A poll on the Good Morning Twitter account: “Should clapping be banned in case it causes anxiety?” 16% said yes, 84% said no.

This all seems like a concerted effort to manufacture a story and turn what was a simple matter of accessibility into a wider debate, one that plays on ideas about political correctness gone mad and a generation of snowflake students. Chronic anxiety can and should be considered a disability but few in the public see it this way when used in such a context and the use of the term here without reference to accessibility only serves to confound the issue.

The substitution of discussions of accessibility for references to anxiety being caused made many feel able to demean those for whom access arrangements were being put in place. Several of the replies to the Twitter poll above (some of them recieving hundreds of likes) were from people with anxiety, stating that such measures were totally unecessary since they personally experience no issues with clapping.

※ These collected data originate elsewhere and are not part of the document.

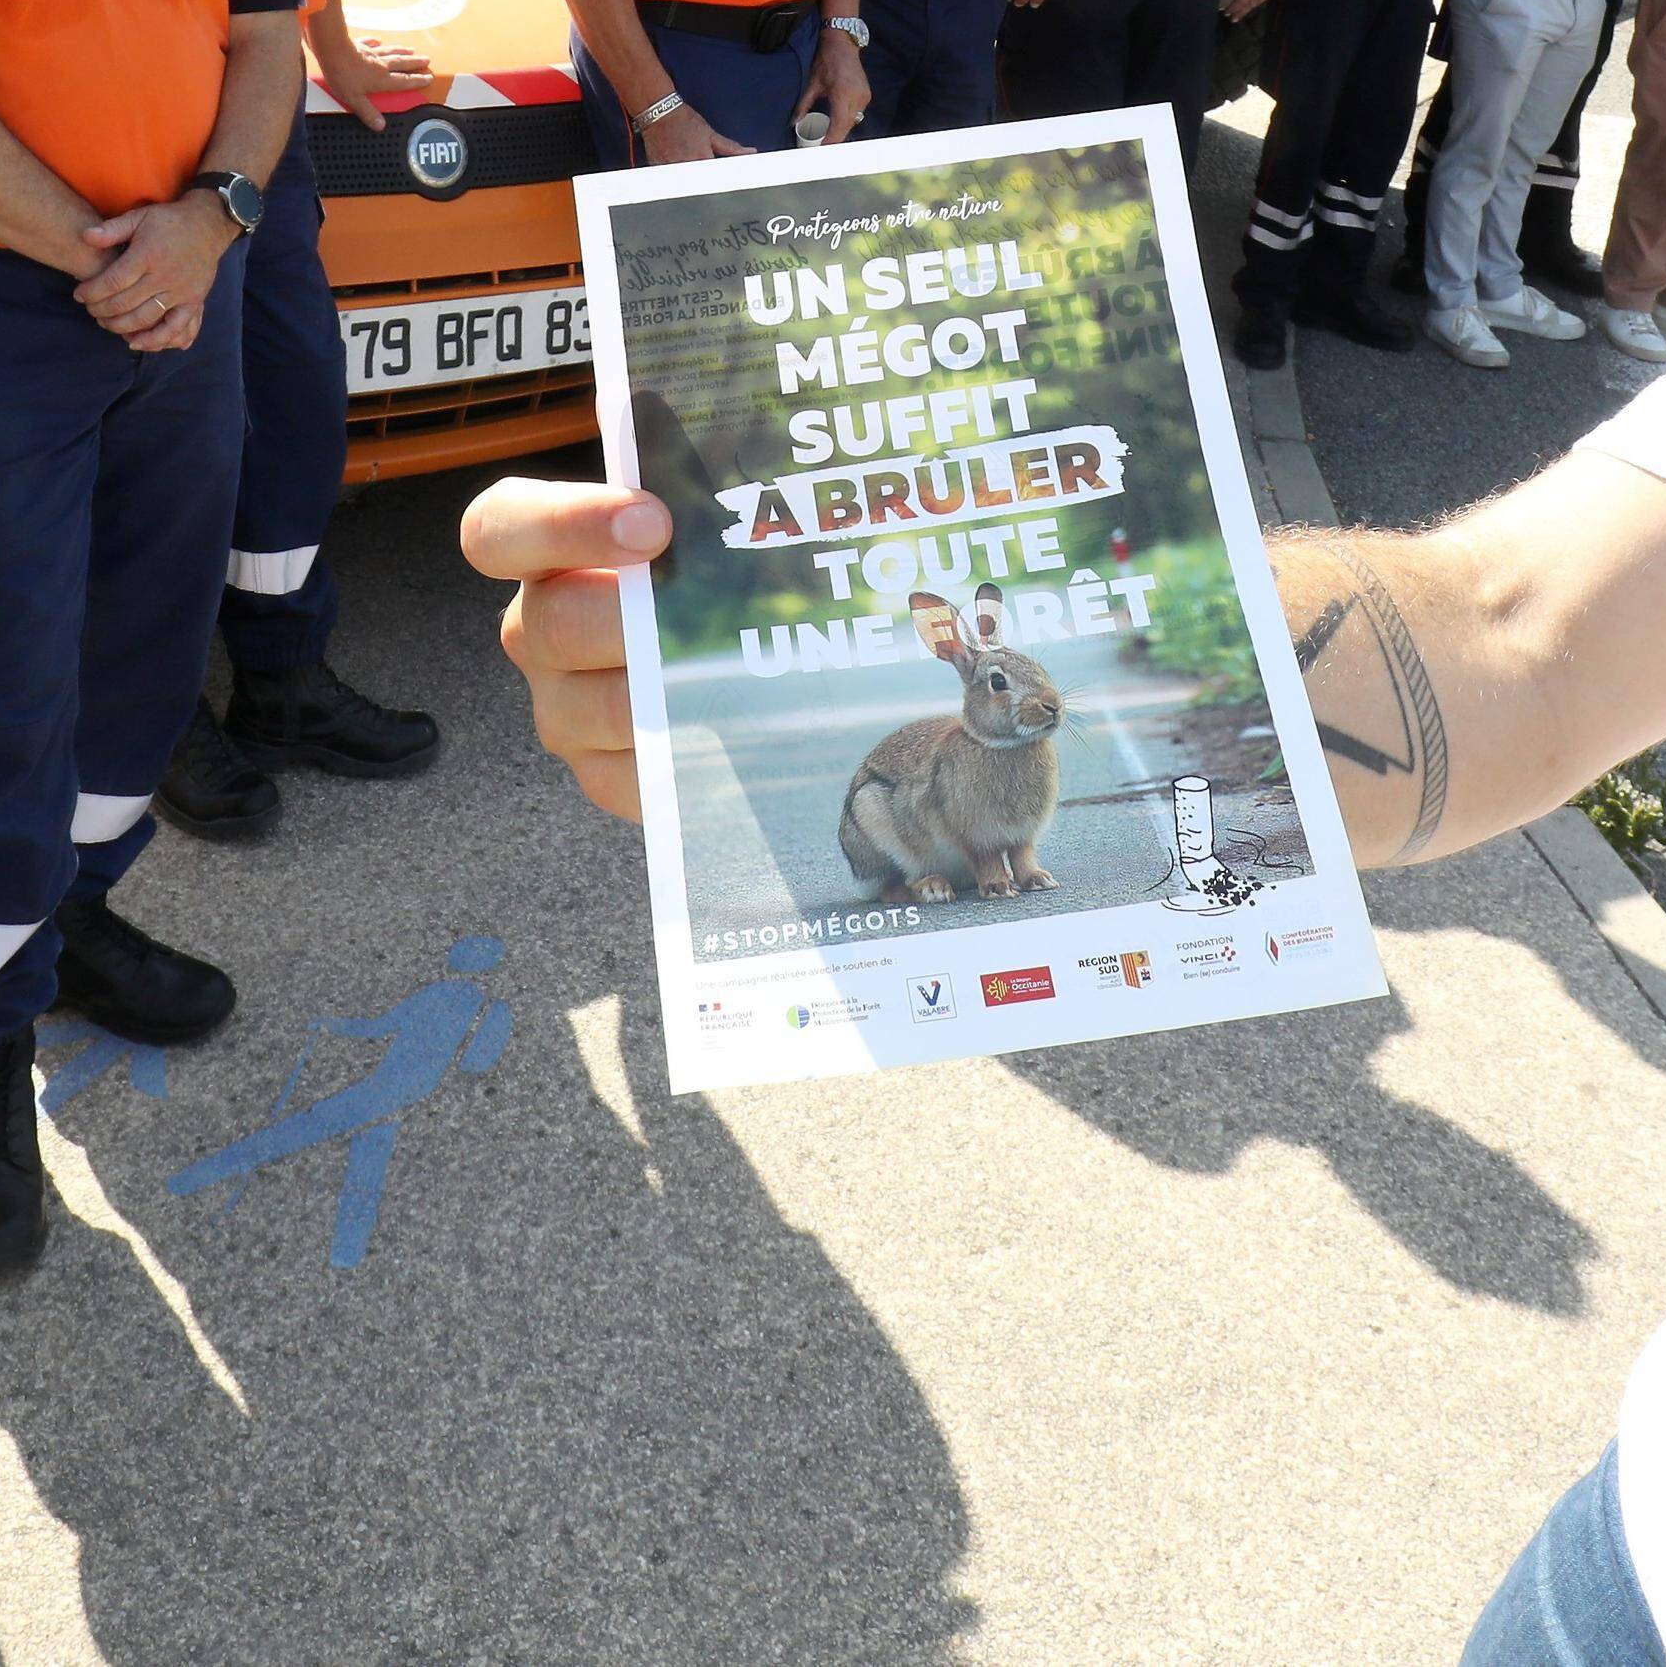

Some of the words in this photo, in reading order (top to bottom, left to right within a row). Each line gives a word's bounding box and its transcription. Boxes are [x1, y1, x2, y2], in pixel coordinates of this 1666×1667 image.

[418, 141, 459, 165] FIAT
[766, 207, 881, 251] Protégeons
[885, 198, 937, 233] notre
[937, 191, 1005, 221] nature
[743, 263, 850, 327] UN
[860, 239, 1043, 311] SEUL
[350, 317, 412, 380] 79
[436, 305, 523, 370] BFQ
[546, 297, 593, 356] 83
[775, 308, 1029, 396] MÉGOT
[787, 377, 1039, 465] SUFFIT
[813, 517, 1068, 601] TOUTE
[739, 613, 901, 679] UNE
[914, 567, 1157, 661] FORÊT
[702, 905, 922, 954] #STOPMÉGOTS
[1176, 935, 1234, 952] FONDATION
[842, 959, 878, 972] soutien
[1098, 964, 1120, 976] SUD
[1180, 953, 1218, 964] VINCI
[1183, 970, 1199, 980] Bien
[1012, 979, 1050, 991] Occitanie

Where explicit reference was made to disability in the press and online, the results were even more depressing. After a frankly baffling tweet that found a connection between the clapping ban and the First World War earlier in the week, Jeremy Vine tweeted this:

Jeremy at least acknowledges the fact taht the measure was introduced for disabled students, but nonetheless perpetuates a harmful myth about autistic people. Not only is it patronising to suggest that we need to be prepared for the world any more than those without autism, but the very idea that we can be acclimated to environments we find unpleasant is false.

Statements like this only succeed in convincing people that those with autism can be forced into change, that the right amount of exposure to a thing that they find unpleasant will make it tolerable. At its extremes, this ideology can manifest itself in abusive conversation therapies and treatments like ABA (Autism Behaviour Analysis). It only succeeds in causing autistic people to mask their discomfort and feel unable to speak up when they are suffering.

The sheer determination of neurotypicals like Jeremy Vine to make autistic people tolerate sensory environments they dislike reveals that they don’t believe we can have our own preferences, and make valid choices about them. It exposes a common strain of infantilisation. Why isn’t it okay for someone who is eighteen to decide they don’t want to go to a noisy concert or football match? This decision wouldn’t be questioned if it was made by anybody else. To many, autistic people are not free actors with their own preferences and tastes, but instead like children, who just need to keep trying vegetables until eventually they like them.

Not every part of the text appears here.